Control of the differentiation of regulatory T cells and TH17 cells by the DNA-binding inhibitor Id3

Abstract

TGF-β and Foxp3 are required for the development of regulatory T cells. Chen and colleagues show that the helix-loop-helix proteins E2A and Id3 enhance Foxp3 expression and relieve it from inhibition by other transcription factors. The molecular mechanisms that direct transcription of the gene encoding the transcription factor Foxp3 in CD4+ T cells remain ill-defined.
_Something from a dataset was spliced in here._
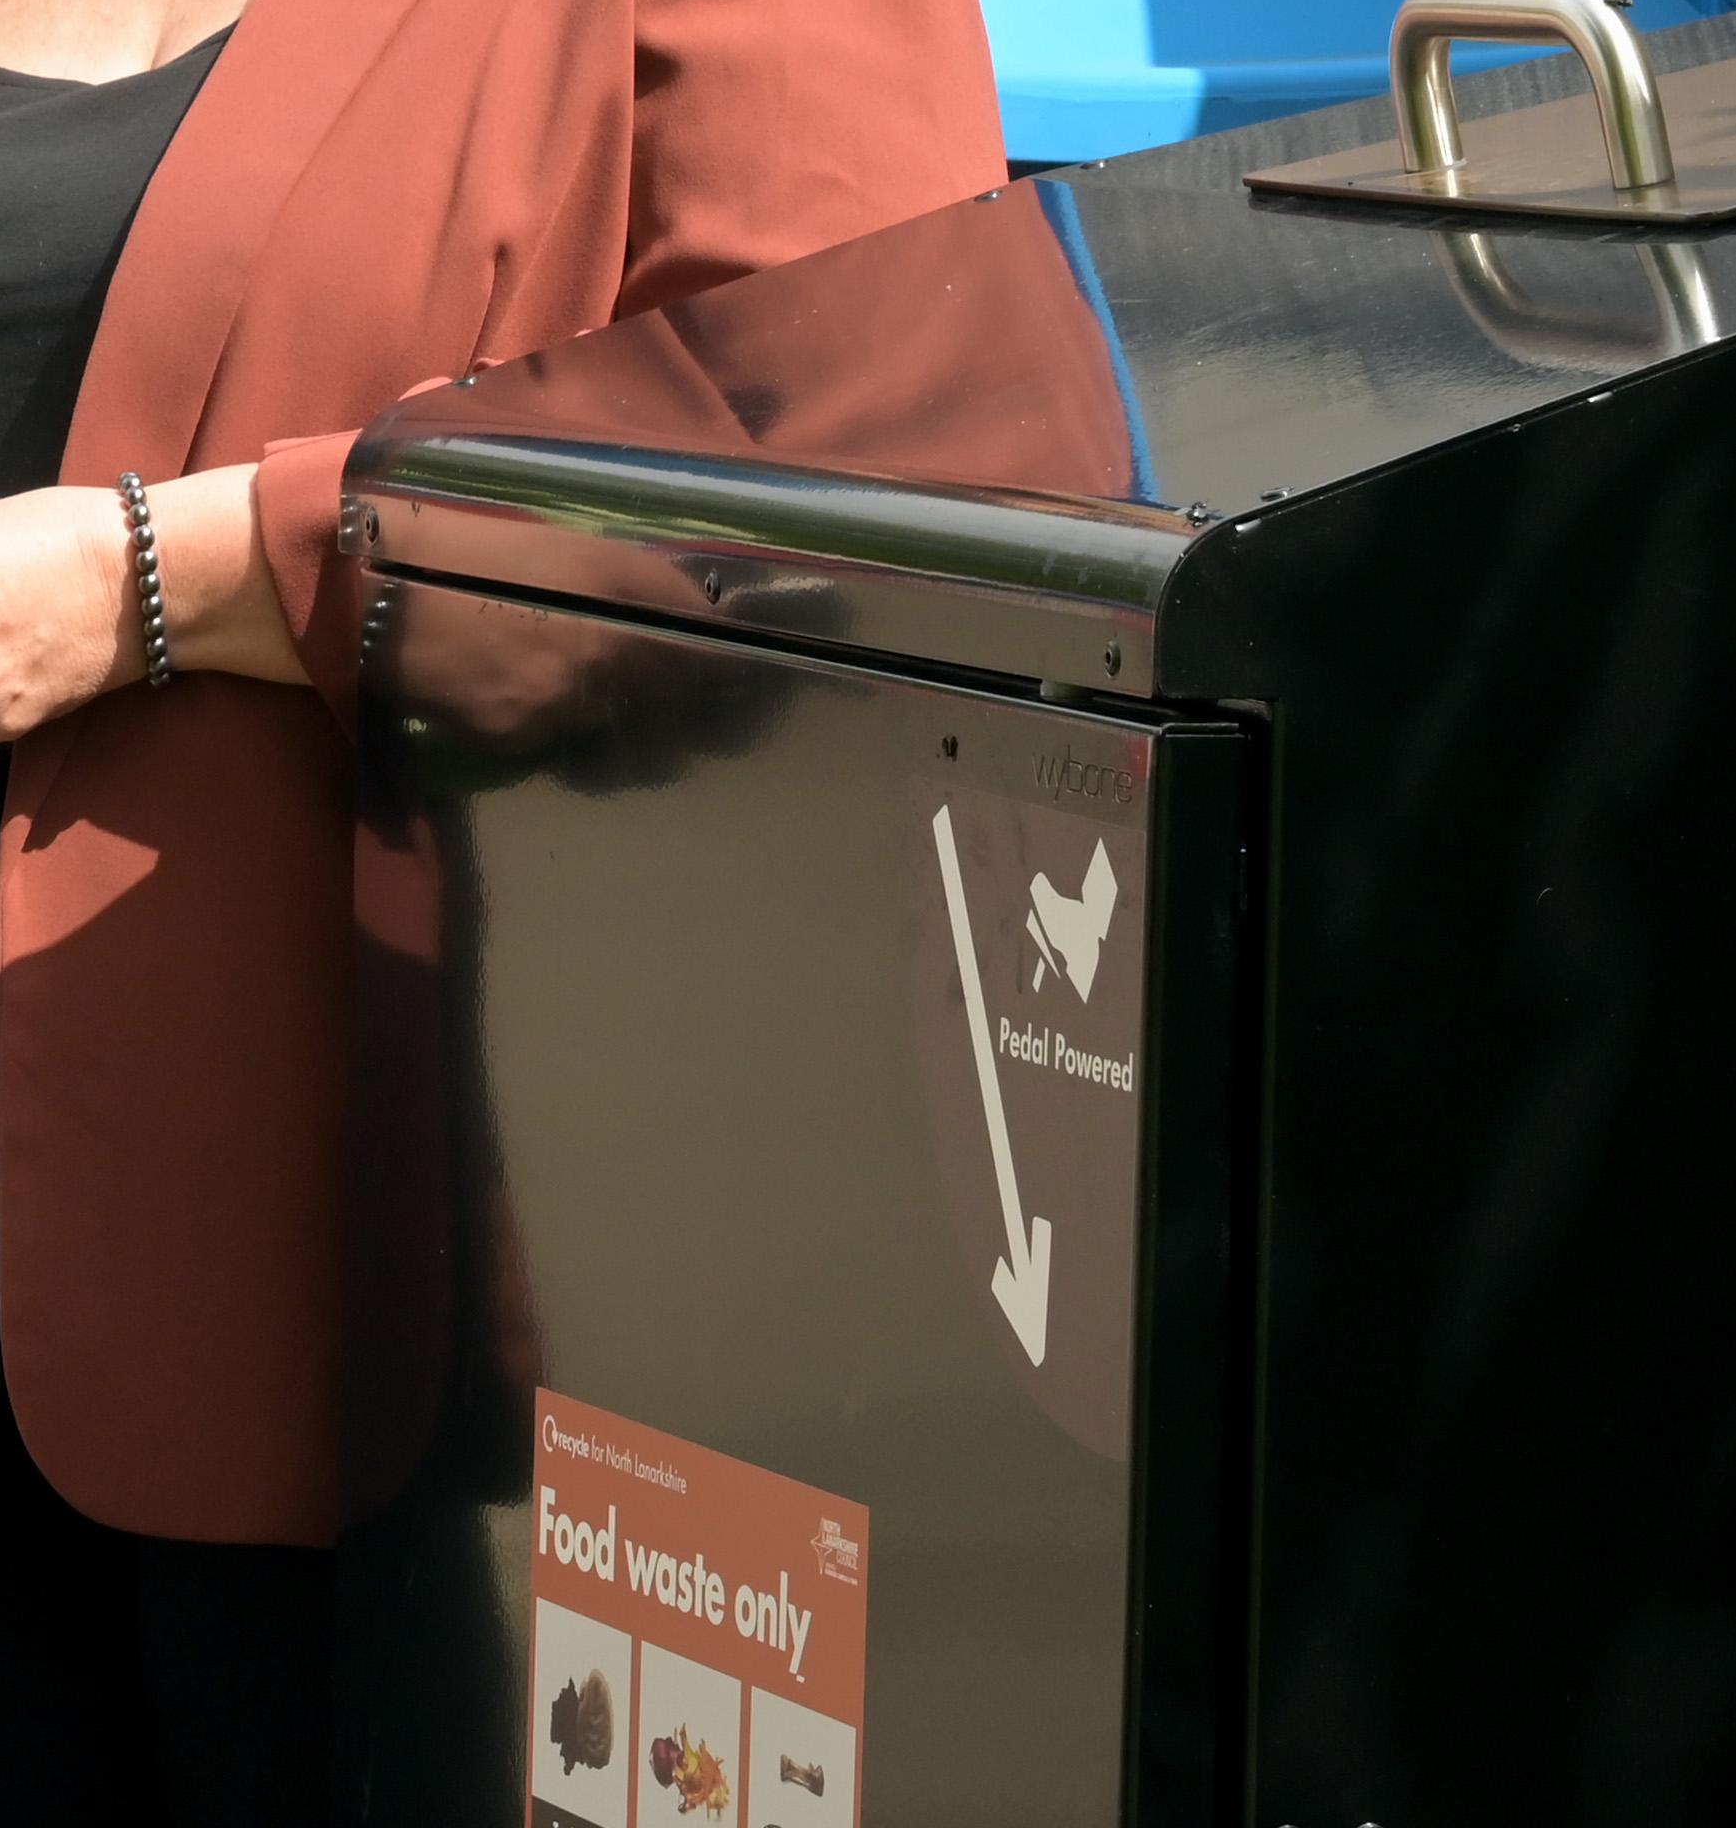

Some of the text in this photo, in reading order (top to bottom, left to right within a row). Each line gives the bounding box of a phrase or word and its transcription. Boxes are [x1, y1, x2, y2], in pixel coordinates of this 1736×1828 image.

We show here that deletion of the DNA-binding inhibitor Id3 resulted in the defective generation of Foxp3+ regulatory T cells (Treg cells). We identify two transforming growth factor-β1 (TGF-β1)-dependent mechanisms that were vital for activation of Foxp3 transcription and were defective in Id3−/− CD4+ T cells. Enhanced binding of the transcription factor E2A to the Foxp3 promoter promoted Foxp3 transcription. Id3 was required for relief of inhibition by the transcription factor GATA-3 at the Foxp3 promoter. Furthermore, Id3−/− T cells showed greater differentiation into the TH17 subset of helper T cells in vitro and in a mouse asthma model. Therefore, a network of factors acts in a TGF-β-dependent manner to control Foxp3 expression and inhibit the development of TH17 cells.